Annotated photo localization data
-=-=-=-=-

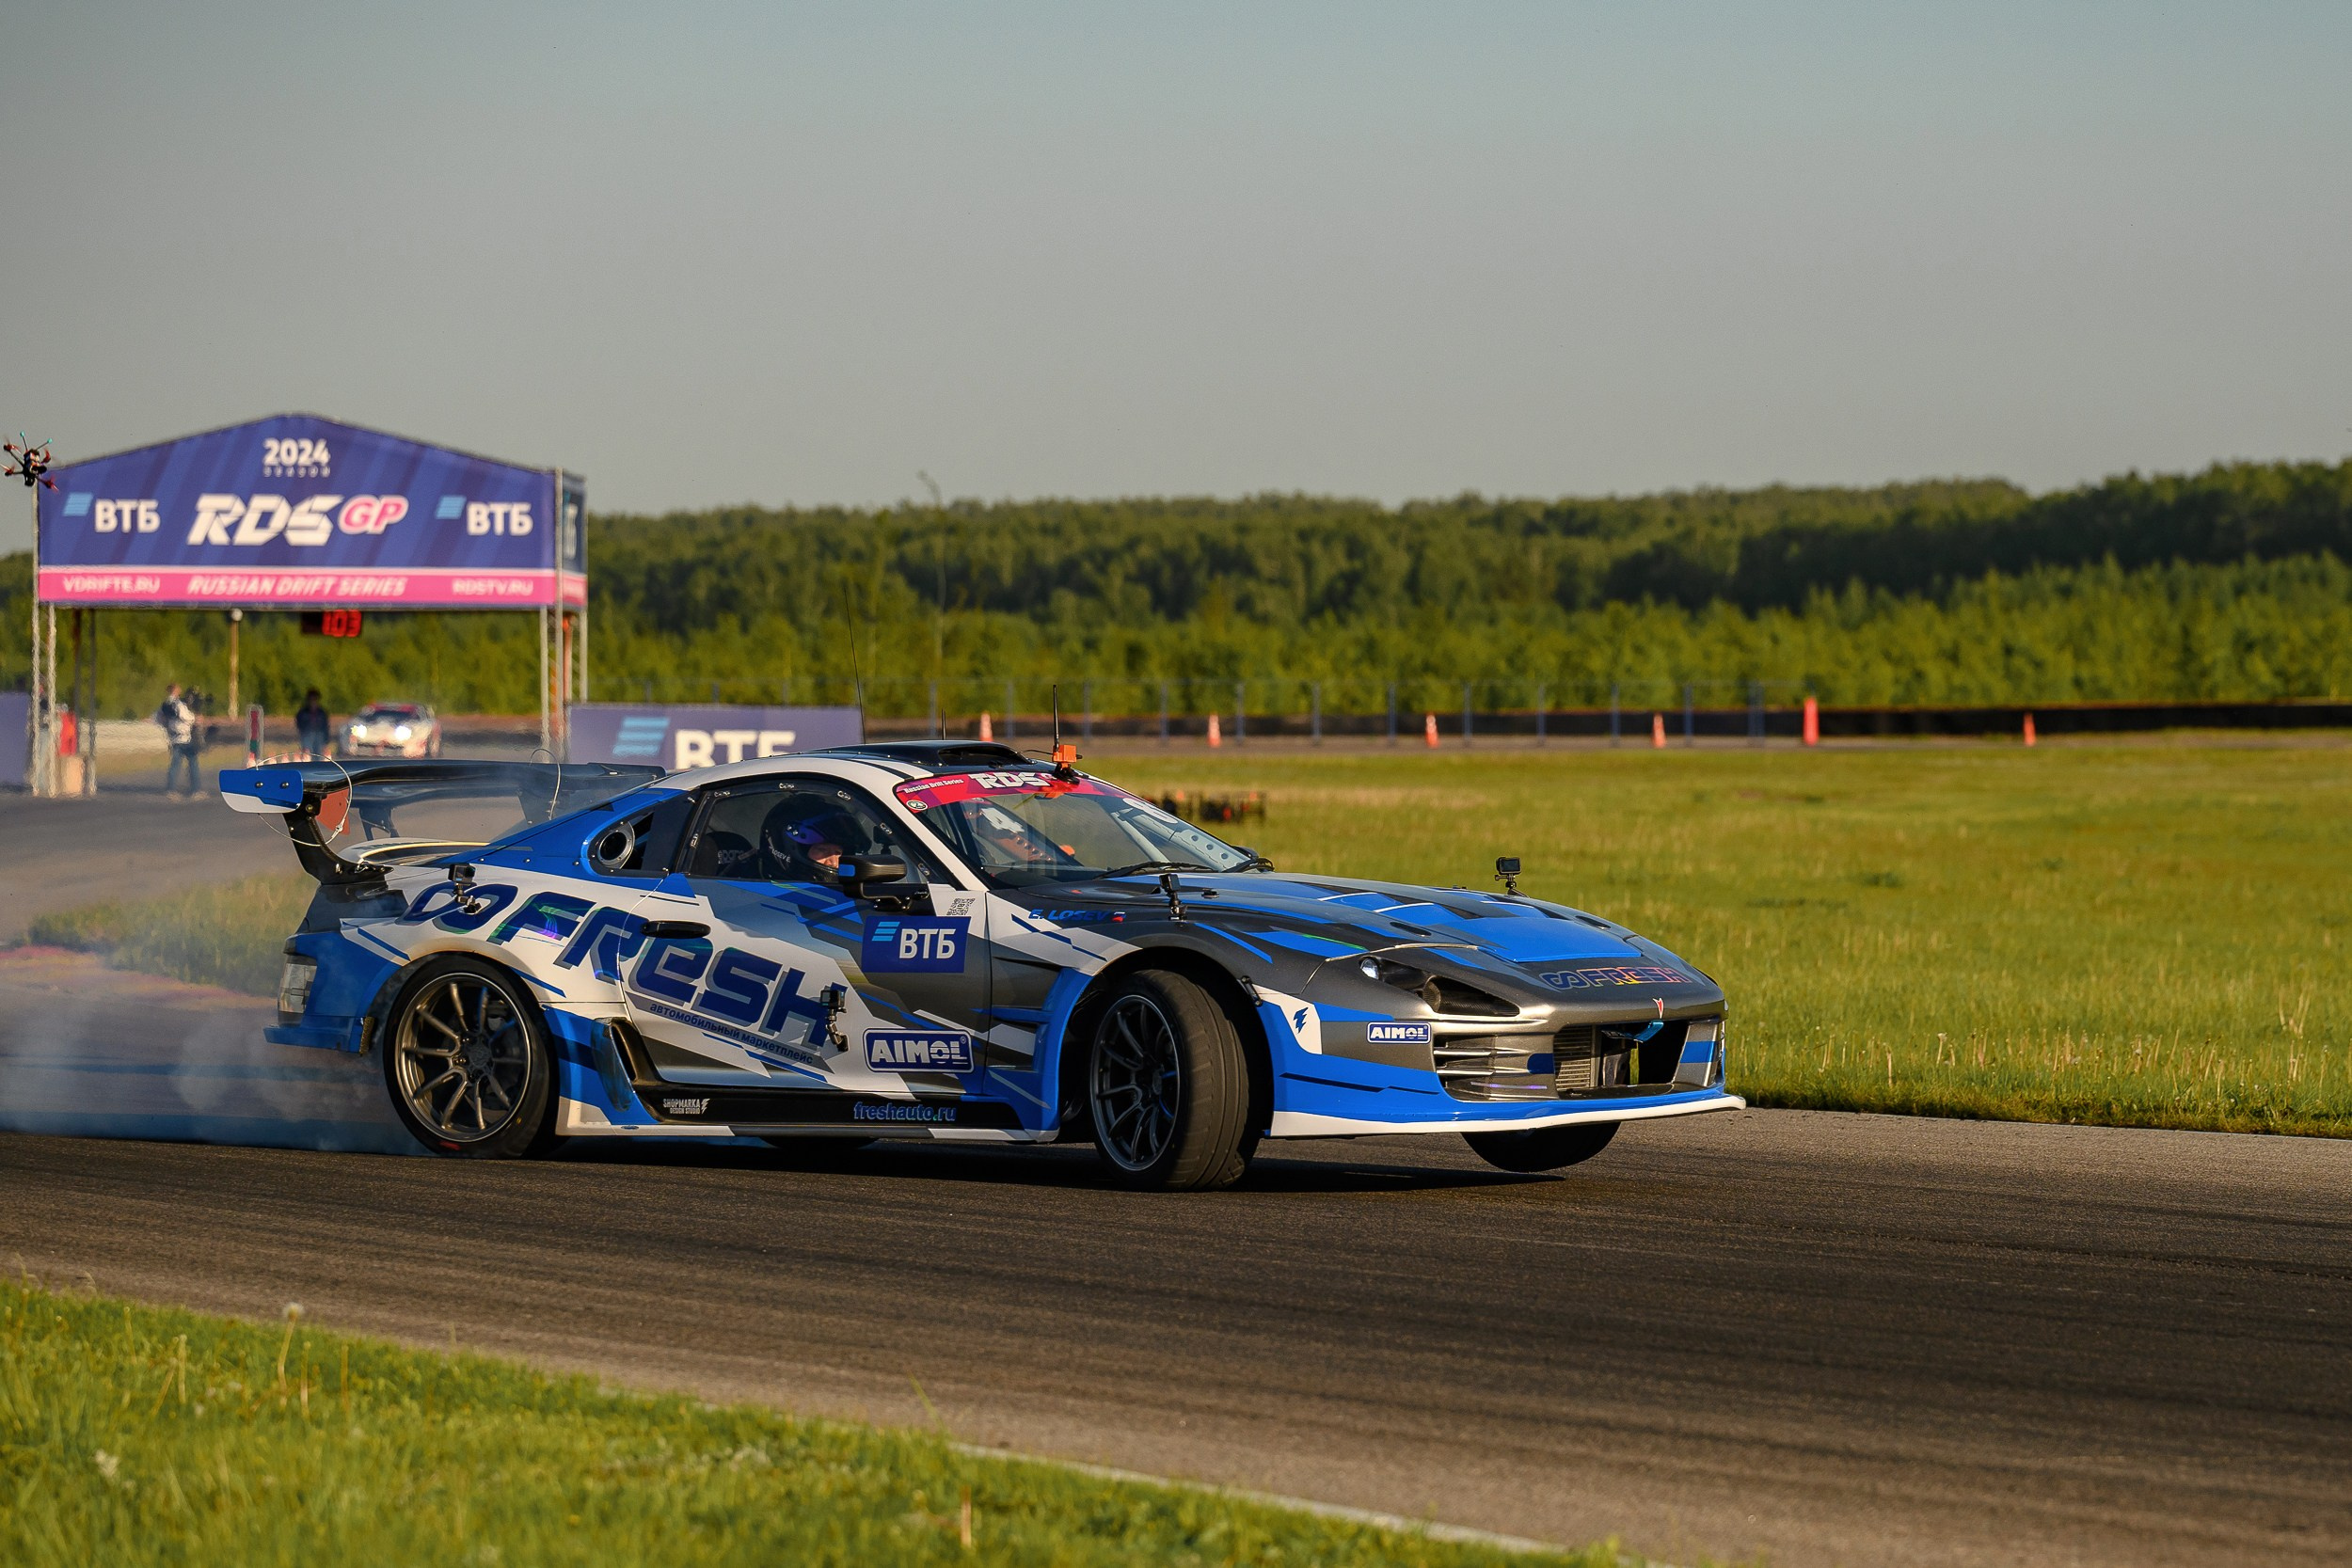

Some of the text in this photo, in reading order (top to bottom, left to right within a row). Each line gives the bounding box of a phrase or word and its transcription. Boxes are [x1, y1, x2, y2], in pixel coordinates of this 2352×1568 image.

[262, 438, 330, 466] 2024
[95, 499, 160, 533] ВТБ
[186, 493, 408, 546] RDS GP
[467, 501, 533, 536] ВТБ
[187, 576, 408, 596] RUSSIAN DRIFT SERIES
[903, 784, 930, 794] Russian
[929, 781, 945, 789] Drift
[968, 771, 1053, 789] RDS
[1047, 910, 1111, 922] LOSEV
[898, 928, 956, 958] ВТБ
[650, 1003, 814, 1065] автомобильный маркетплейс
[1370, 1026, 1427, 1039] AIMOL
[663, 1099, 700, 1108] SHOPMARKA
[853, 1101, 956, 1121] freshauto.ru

-=-=-=-=-

◆ Work instruction
All entries, top to bottom, should be retyped exactly; the pictures should not be.

◆ Exercise answer
Some of the text in this photo, in reading order (top to bottom, left to right within a row). Each line gives the bounding box of a phrase or word and its transcription. Boxes are [x1, y1, x2, y2], in pixel coordinates of this 2352×1568 image.

[262, 438, 330, 466] 2024
[95, 499, 160, 533] ВТБ
[186, 493, 408, 546] RDS GP
[467, 501, 533, 536] ВТБ
[187, 576, 408, 596] RUSSIAN DRIFT SERIES
[903, 784, 930, 794] Russian
[929, 781, 945, 789] Drift
[968, 771, 1053, 789] RDS
[1047, 910, 1111, 922] LOSEV
[898, 928, 956, 958] ВТБ
[650, 1003, 814, 1065] автомобильный маркетплейс
[1370, 1026, 1427, 1039] AIMOL
[663, 1099, 700, 1108] SHOPMARKA
[853, 1101, 956, 1121] freshauto.ru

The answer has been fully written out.